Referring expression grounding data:
+ + + + + + +

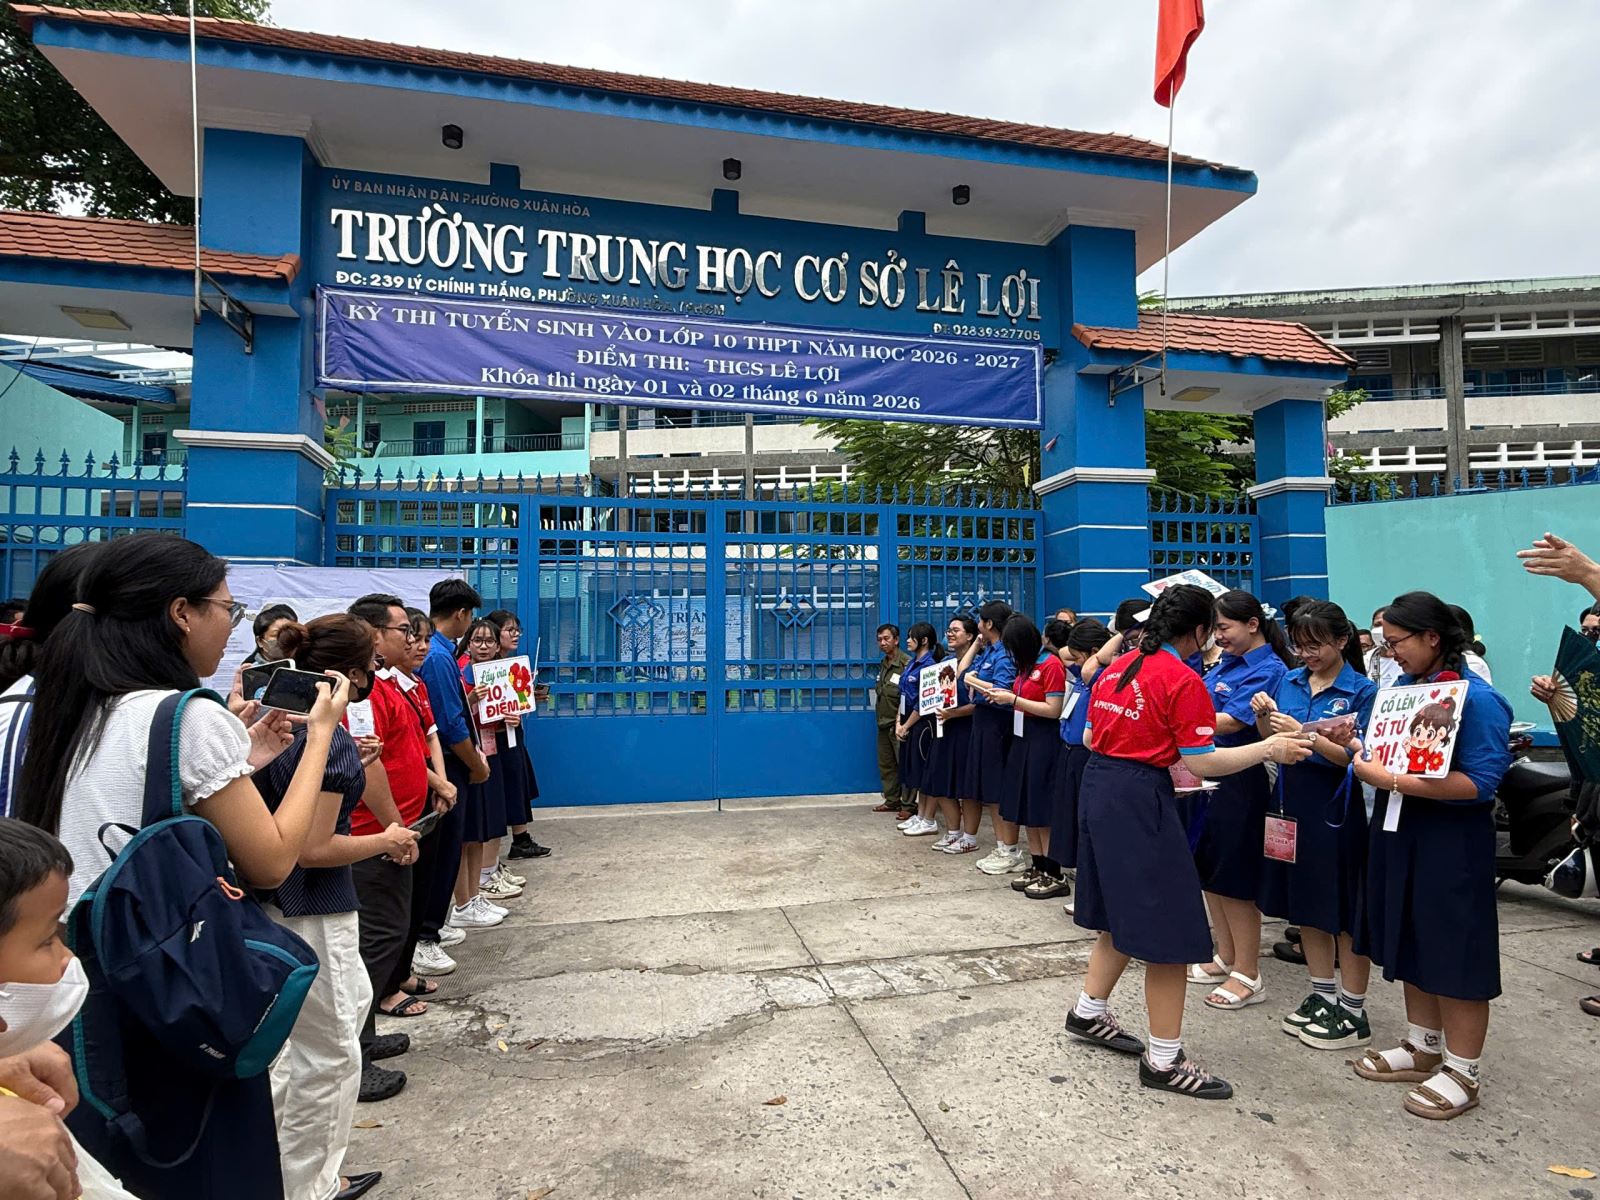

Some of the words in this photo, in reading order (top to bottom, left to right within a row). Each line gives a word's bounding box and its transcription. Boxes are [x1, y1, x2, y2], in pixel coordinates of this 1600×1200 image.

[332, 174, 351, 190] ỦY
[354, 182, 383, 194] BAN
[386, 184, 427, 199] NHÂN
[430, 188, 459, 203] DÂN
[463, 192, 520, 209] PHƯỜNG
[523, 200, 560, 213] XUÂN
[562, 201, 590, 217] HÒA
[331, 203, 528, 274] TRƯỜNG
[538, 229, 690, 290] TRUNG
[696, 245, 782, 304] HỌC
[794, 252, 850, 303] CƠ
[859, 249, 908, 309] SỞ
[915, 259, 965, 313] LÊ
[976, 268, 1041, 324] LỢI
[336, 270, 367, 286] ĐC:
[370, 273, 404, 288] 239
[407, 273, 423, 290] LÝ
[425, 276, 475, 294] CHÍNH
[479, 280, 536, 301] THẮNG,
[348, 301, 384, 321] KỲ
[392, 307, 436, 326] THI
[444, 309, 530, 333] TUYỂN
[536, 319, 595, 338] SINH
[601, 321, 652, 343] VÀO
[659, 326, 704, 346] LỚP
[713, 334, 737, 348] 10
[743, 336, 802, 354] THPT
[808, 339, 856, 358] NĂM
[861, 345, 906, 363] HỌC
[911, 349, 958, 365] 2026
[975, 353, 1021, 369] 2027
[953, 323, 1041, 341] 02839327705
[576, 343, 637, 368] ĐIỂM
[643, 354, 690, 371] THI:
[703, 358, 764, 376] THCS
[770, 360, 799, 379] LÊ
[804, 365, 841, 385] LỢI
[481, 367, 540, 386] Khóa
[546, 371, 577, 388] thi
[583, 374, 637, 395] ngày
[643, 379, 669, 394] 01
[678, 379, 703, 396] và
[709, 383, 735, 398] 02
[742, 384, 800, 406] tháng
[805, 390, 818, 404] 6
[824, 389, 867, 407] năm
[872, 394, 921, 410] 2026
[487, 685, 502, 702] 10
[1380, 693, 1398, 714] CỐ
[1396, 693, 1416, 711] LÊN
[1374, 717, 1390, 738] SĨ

+ + + + + + +

Exercise instructions: Give the records above again verbatim, pictures omitted.

Answer to the exercise:
Some of the words in this photo, in reading order (top to bottom, left to right within a row). Each line gives a word's bounding box and its transcription. Boxes are [x1, y1, x2, y2], in pixel coordinates of this 1600×1200 image.

[332, 174, 351, 190] ỦY
[354, 182, 383, 194] BAN
[386, 184, 427, 199] NHÂN
[430, 188, 459, 203] DÂN
[463, 192, 520, 209] PHƯỜNG
[523, 200, 560, 213] XUÂN
[562, 201, 590, 217] HÒA
[331, 203, 528, 274] TRƯỜNG
[538, 229, 690, 290] TRUNG
[696, 245, 782, 304] HỌC
[794, 252, 850, 303] CƠ
[859, 249, 908, 309] SỞ
[915, 259, 965, 313] LÊ
[976, 268, 1041, 324] LỢI
[336, 270, 367, 286] ĐC:
[370, 273, 404, 288] 239
[407, 273, 423, 290] LÝ
[425, 276, 475, 294] CHÍNH
[479, 280, 536, 301] THẮNG,
[348, 301, 384, 321] KỲ
[392, 307, 436, 326] THI
[444, 309, 530, 333] TUYỂN
[536, 319, 595, 338] SINH
[601, 321, 652, 343] VÀO
[659, 326, 704, 346] LỚP
[713, 334, 737, 348] 10
[743, 336, 802, 354] THPT
[808, 339, 856, 358] NĂM
[861, 345, 906, 363] HỌC
[911, 349, 958, 365] 2026
[975, 353, 1021, 369] 2027
[953, 323, 1041, 341] 02839327705
[576, 343, 637, 368] ĐIỂM
[643, 354, 690, 371] THI:
[703, 358, 764, 376] THCS
[770, 360, 799, 379] LÊ
[804, 365, 841, 385] LỢI
[481, 367, 540, 386] Khóa
[546, 371, 577, 388] thi
[583, 374, 637, 395] ngày
[643, 379, 669, 394] 01
[678, 379, 703, 396] và
[709, 383, 735, 398] 02
[742, 384, 800, 406] tháng
[805, 390, 818, 404] 6
[824, 389, 867, 407] năm
[872, 394, 921, 410] 2026
[487, 685, 502, 702] 10
[1380, 693, 1398, 714] CỐ
[1396, 693, 1416, 711] LÊN
[1374, 717, 1390, 738] SĨ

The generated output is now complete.